#### [Aim of the task]
The output is the line holding "this 1288×966 image." and all lines after it to the end of the records below; restate them unchanged and add nothing.

-- Records for this task follows --

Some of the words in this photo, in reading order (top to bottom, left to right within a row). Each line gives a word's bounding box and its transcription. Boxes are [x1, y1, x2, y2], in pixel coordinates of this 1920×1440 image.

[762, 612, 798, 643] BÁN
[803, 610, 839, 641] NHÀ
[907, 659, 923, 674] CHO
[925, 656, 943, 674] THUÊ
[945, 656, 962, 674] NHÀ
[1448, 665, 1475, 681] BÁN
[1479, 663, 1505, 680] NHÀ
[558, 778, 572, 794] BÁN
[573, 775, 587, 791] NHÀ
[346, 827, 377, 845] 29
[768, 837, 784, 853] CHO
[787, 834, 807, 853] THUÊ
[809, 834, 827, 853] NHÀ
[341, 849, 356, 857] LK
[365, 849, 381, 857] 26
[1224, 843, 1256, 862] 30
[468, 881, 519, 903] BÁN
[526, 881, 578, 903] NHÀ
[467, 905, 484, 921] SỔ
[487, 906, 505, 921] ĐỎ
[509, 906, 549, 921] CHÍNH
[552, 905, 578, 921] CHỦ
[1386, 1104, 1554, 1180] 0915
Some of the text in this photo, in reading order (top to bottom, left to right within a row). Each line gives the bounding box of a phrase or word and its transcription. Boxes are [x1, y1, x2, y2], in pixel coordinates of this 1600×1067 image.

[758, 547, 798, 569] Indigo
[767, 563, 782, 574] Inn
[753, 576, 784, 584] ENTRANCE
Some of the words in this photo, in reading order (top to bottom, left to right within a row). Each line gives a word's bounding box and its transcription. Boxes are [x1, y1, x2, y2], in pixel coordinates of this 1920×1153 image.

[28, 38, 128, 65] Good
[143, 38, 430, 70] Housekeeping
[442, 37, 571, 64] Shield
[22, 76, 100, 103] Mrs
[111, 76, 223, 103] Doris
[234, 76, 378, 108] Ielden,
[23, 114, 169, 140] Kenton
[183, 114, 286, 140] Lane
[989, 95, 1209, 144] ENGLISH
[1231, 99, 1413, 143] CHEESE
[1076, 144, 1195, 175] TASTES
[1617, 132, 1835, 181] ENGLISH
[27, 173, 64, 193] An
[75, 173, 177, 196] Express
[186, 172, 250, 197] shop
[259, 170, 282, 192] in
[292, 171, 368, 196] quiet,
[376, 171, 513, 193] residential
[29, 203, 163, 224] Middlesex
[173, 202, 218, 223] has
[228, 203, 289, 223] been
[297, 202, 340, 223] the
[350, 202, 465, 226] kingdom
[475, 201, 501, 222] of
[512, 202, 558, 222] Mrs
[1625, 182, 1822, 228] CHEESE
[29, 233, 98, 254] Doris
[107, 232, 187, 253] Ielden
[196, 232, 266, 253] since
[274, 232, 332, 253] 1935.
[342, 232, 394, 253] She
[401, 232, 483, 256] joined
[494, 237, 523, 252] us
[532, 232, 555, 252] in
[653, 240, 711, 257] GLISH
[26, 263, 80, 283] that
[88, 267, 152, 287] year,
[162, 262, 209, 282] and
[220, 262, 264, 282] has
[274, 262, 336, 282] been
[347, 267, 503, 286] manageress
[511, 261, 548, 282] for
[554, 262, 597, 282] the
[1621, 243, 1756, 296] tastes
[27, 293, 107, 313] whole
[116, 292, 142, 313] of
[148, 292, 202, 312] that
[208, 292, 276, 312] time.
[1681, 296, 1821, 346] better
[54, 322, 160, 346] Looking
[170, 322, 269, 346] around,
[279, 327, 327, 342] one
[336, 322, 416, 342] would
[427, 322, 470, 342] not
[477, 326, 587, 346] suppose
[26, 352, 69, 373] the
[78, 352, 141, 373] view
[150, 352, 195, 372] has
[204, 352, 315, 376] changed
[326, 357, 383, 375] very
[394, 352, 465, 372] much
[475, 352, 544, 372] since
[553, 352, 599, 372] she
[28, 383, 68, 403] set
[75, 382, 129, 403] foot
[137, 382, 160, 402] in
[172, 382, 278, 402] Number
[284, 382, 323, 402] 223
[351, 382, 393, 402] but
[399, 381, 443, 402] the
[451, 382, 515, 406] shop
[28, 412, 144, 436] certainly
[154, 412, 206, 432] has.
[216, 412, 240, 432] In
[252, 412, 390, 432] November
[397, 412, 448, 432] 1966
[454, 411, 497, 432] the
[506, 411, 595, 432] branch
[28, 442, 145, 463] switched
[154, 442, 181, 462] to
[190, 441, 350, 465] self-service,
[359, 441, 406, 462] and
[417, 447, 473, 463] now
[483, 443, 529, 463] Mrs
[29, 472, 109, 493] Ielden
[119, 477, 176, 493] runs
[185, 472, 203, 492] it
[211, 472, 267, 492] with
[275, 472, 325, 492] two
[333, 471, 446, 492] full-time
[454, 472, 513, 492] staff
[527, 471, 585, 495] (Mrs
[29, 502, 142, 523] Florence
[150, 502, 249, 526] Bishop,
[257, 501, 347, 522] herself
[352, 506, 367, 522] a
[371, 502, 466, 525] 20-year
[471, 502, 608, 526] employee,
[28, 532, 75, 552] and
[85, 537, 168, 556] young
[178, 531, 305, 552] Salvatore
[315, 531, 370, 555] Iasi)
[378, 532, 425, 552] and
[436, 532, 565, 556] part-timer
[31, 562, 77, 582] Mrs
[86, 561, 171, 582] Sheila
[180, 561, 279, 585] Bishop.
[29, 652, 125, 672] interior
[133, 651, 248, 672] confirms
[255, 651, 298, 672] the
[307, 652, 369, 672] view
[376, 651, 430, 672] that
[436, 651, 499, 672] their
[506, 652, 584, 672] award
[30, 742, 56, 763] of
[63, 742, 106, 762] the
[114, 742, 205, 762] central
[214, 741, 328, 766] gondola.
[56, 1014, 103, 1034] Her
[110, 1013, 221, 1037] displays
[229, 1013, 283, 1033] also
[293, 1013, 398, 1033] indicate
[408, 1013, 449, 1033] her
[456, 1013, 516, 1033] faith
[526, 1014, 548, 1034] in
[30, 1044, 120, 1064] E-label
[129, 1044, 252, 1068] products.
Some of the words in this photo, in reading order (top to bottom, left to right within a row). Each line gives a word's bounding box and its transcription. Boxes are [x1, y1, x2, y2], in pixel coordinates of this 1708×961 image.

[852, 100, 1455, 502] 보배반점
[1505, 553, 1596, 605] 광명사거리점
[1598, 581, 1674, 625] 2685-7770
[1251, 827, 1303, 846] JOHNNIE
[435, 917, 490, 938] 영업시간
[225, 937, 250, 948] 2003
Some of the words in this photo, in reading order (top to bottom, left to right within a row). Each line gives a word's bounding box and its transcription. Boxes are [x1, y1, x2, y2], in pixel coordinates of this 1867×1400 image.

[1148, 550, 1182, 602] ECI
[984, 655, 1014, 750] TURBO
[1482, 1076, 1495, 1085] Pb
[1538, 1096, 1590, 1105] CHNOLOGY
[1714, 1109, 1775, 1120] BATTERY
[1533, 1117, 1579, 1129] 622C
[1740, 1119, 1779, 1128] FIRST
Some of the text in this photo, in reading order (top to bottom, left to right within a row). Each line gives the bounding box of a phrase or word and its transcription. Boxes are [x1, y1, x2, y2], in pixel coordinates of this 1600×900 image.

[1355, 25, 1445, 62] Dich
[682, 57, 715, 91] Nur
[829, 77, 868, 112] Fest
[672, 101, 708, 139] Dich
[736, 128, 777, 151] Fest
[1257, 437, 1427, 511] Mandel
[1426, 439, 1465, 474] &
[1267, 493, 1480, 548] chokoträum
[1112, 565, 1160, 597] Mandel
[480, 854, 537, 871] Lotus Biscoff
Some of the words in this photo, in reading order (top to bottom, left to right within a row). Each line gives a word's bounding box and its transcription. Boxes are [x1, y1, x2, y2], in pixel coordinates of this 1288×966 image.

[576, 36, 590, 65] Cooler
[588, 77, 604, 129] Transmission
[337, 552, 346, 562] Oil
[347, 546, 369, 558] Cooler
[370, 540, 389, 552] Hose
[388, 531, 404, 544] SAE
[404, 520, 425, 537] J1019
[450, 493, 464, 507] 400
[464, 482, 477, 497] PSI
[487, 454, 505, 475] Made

-- Records for this task concluded --

#### [Answer section]
Some of the words in this photo, in reading order (top to bottom, left to right within a row). Each line gives a word's bounding box and its transcription. Boxes are [x1, y1, x2, y2], in pixel coordinates of this 1288×966 image.

[576, 36, 590, 65] Cooler
[588, 77, 604, 129] Transmission
[337, 552, 346, 562] Oil
[347, 546, 369, 558] Cooler
[370, 540, 389, 552] Hose
[388, 531, 404, 544] SAE
[404, 520, 425, 537] J1019
[450, 493, 464, 507] 400
[464, 482, 477, 497] PSI
[487, 454, 505, 475] Made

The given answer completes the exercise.